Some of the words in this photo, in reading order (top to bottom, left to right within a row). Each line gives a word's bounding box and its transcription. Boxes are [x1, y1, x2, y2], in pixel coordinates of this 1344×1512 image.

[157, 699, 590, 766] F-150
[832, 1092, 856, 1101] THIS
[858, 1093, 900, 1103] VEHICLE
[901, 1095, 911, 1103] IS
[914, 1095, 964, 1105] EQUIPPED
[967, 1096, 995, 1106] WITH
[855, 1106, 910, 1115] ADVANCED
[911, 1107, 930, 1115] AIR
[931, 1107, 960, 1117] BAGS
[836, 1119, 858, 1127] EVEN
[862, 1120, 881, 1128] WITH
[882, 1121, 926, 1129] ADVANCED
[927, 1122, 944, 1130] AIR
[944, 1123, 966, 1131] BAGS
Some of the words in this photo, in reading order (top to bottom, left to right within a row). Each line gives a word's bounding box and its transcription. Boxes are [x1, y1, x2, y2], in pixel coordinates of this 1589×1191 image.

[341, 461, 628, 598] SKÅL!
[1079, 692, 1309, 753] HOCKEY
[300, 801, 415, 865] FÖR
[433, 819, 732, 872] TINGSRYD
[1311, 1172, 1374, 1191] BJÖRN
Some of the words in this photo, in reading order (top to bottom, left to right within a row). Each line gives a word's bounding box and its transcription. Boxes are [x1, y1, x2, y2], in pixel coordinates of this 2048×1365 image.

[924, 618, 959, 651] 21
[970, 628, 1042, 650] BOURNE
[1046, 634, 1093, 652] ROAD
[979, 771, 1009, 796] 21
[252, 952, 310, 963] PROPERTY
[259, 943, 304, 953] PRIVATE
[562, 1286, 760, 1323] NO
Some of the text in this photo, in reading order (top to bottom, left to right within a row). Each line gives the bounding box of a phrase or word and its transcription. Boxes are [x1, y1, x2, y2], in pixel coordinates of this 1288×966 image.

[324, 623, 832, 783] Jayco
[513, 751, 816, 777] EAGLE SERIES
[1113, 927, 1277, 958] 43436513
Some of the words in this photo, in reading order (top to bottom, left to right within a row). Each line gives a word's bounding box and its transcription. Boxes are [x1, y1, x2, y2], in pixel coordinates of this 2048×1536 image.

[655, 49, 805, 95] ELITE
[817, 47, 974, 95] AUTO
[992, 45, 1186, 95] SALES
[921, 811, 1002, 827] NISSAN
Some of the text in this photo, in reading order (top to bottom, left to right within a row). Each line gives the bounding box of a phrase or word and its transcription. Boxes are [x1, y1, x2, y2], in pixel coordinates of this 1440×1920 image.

--- --- ---

TASK :: Copy the records exactly.

RESPONSE TO THIS EXERCISE ::
Some of the words in this photo, in reading order (top to bottom, left to right within a row). Each line gives a word's bounding box and its transcription. Boxes are [x1, y1, x2, y2], in pixel coordinates of this 1344×1512 image.

[157, 699, 590, 766] F-150
[832, 1092, 856, 1101] THIS
[858, 1093, 900, 1103] VEHICLE
[901, 1095, 911, 1103] IS
[914, 1095, 964, 1105] EQUIPPED
[967, 1096, 995, 1106] WITH
[855, 1106, 910, 1115] ADVANCED
[911, 1107, 930, 1115] AIR
[931, 1107, 960, 1117] BAGS
[836, 1119, 858, 1127] EVEN
[862, 1120, 881, 1128] WITH
[882, 1121, 926, 1129] ADVANCED
[927, 1122, 944, 1130] AIR
[944, 1123, 966, 1131] BAGS
Some of the words in this photo, in reading order (top to bottom, left to right within a row). Each line gives a word's bounding box and its transcription. Boxes are [x1, y1, x2, y2], in pixel coordinates of this 1589×1191 image.

[341, 461, 628, 598] SKÅL!
[1079, 692, 1309, 753] HOCKEY
[300, 801, 415, 865] FÖR
[433, 819, 732, 872] TINGSRYD
[1311, 1172, 1374, 1191] BJÖRN
Some of the words in this photo, in reading order (top to bottom, left to right within a row). Each line gives a word's bounding box and its transcription. Boxes are [x1, y1, x2, y2], in pixel coordinates of this 2048×1365 image.

[924, 618, 959, 651] 21
[970, 628, 1042, 650] BOURNE
[1046, 634, 1093, 652] ROAD
[979, 771, 1009, 796] 21
[252, 952, 310, 963] PROPERTY
[259, 943, 304, 953] PRIVATE
[562, 1286, 760, 1323] NO
Some of the text in this photo, in reading order (top to bottom, left to right within a row). Each line gives the bounding box of a phrase or word and its transcription. Boxes are [x1, y1, x2, y2], in pixel coordinates of this 1288×966 image.

[324, 623, 832, 783] Jayco
[513, 751, 816, 777] EAGLE SERIES
[1113, 927, 1277, 958] 43436513
Some of the words in this photo, in reading order (top to bottom, left to right within a row). Each line gives a word's bounding box and its transcription. Boxes are [x1, y1, x2, y2], in pixel coordinates of this 2048×1536 image.

[655, 49, 805, 95] ELITE
[817, 47, 974, 95] AUTO
[992, 45, 1186, 95] SALES
[921, 811, 1002, 827] NISSAN
Some of the text in this photo, in reading order (top to bottom, left to right within a row). Each line gives the bounding box of a phrase or word and its transcription. Boxes are [x1, y1, x2, y2], in pixel coordinates of this 1440×1920 image.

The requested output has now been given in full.